Adesso che ha compiuto venticinque anni
Libby riceve una comunicazione dallo studio di un avvocato. Ha ereditato la
casa di Cheyne Walk, gli altri due eredi non si sono presentati.
Lucy Smith vive a Nizza con i suoi due
bambini ed è in una condizione di estrema indigenza. Suona il violino per le
strade, chiedendo l’elemosina. Se ha i soldi, affitta una camera in un ostello.
Quando non li ha, manda la bambina a dormire dalla nonna e lei e il maschietto
dormono sotto un ponte. Sul suo cellulare appare un pro-memoria: la piccola ha
compiuto venticinque anni. Lucy deve tornare in Inghilterra.
La meta di tutti e tre è Cheyne Walk, dove tutto è iniziato, ma, prima che si incontrino, noi avremo appreso tutta la storia da Henry (è affidabile come io narrante?). E’ una storia forse non molto originale, che echeggia di notizie che abbiamo letto sui giornali e che parla di sfruttatori, di manipolatori, di persone non del tutto felici che si lasciano abbindolare da chi le illude con un potere carismatico, che cadono nelle sue grinfie e restano invischiati in una ragnatela da cui diventa impossibile districarsi, sempre più ciechi, sempre più succubi, sempre più plagiati.

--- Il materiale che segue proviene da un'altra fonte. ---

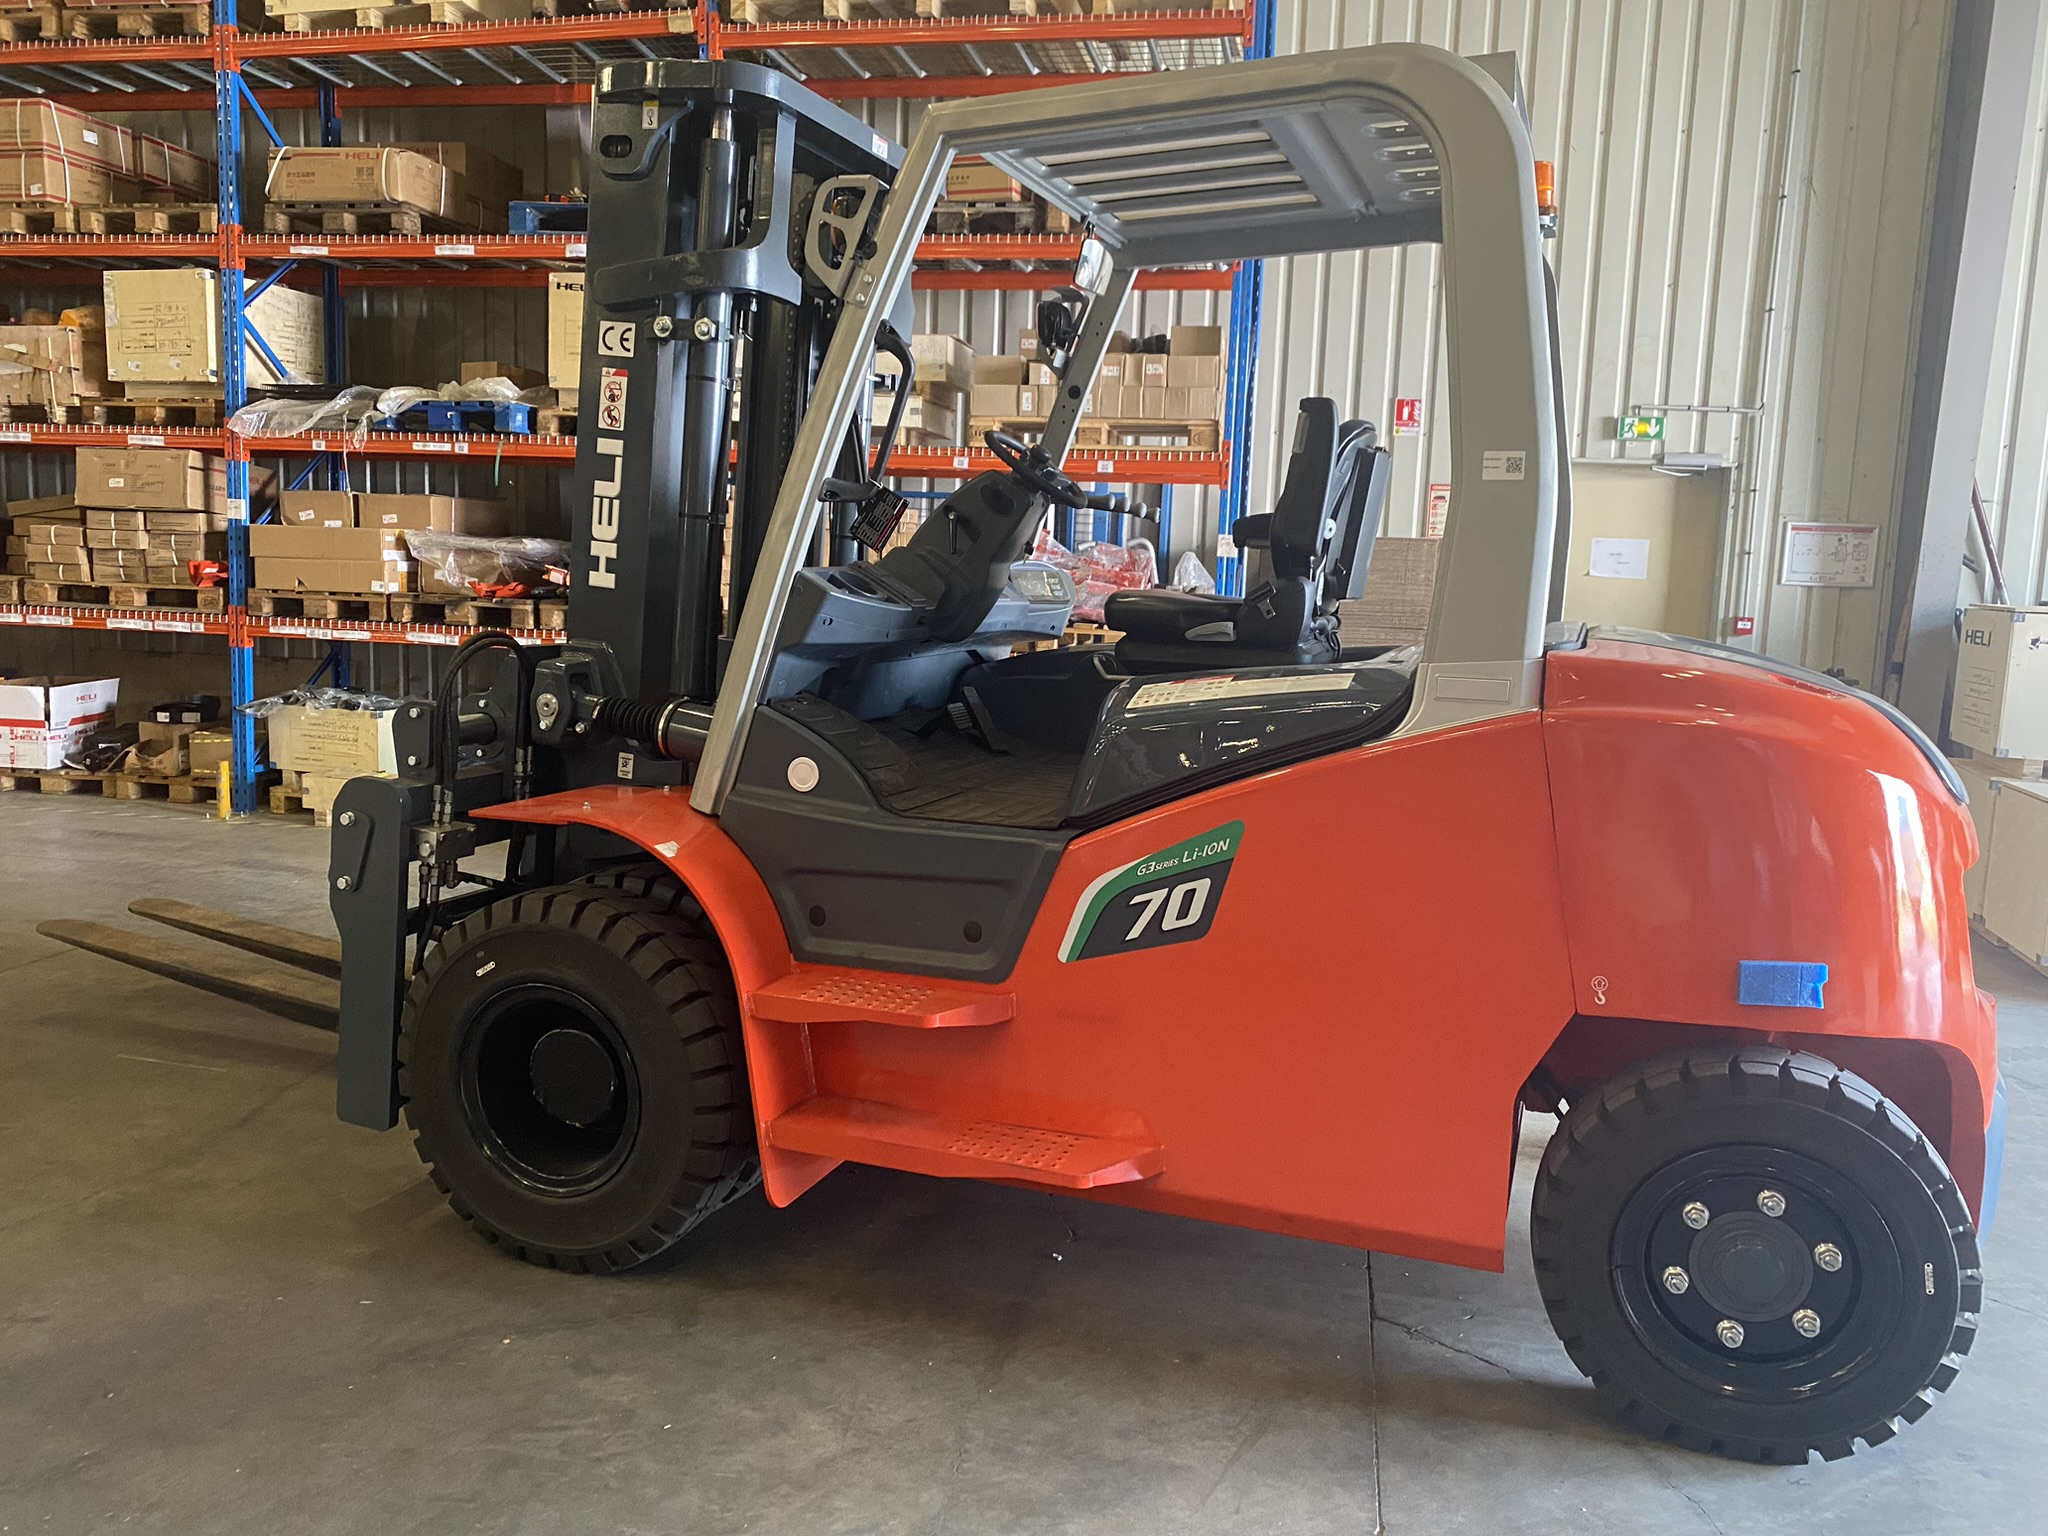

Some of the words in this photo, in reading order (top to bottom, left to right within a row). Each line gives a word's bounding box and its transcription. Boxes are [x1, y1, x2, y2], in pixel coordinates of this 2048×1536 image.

[345, 152, 380, 160] HELI
[588, 437, 624, 589] HELI
[1964, 629, 1992, 647] HELI
[76, 693, 97, 702] HELI
[1182, 838, 1231, 863] Li-ION
[1124, 877, 1212, 941] 70

Lisa Jewell è veramente molto abile nel
tenerci avvinti alle pagine del romanzo. Perché la narrazione, spostandosi da
un filone all’altro, è molto vivace e ricca di colpi di scena- non ci siamo
ancora ripresi da quanto abbiamo letto che sta succedendo a Cheyne Walk alla
fine degli anni ‘80 e primi anni ‘90, e già sussultiamo per quello che deve
affrontare Lucy a Nizza e per le sorprese in serbo per Libby alla scoperta
della casa al 16 di Cheyne Walk. e anche quando tutto sembra essere
chiaro…oplà, un’altra giravolta.
Siamo d’accordo, non è alta letteratura, ma
un page-turner, un thriller psicologico intrigante e piacevole.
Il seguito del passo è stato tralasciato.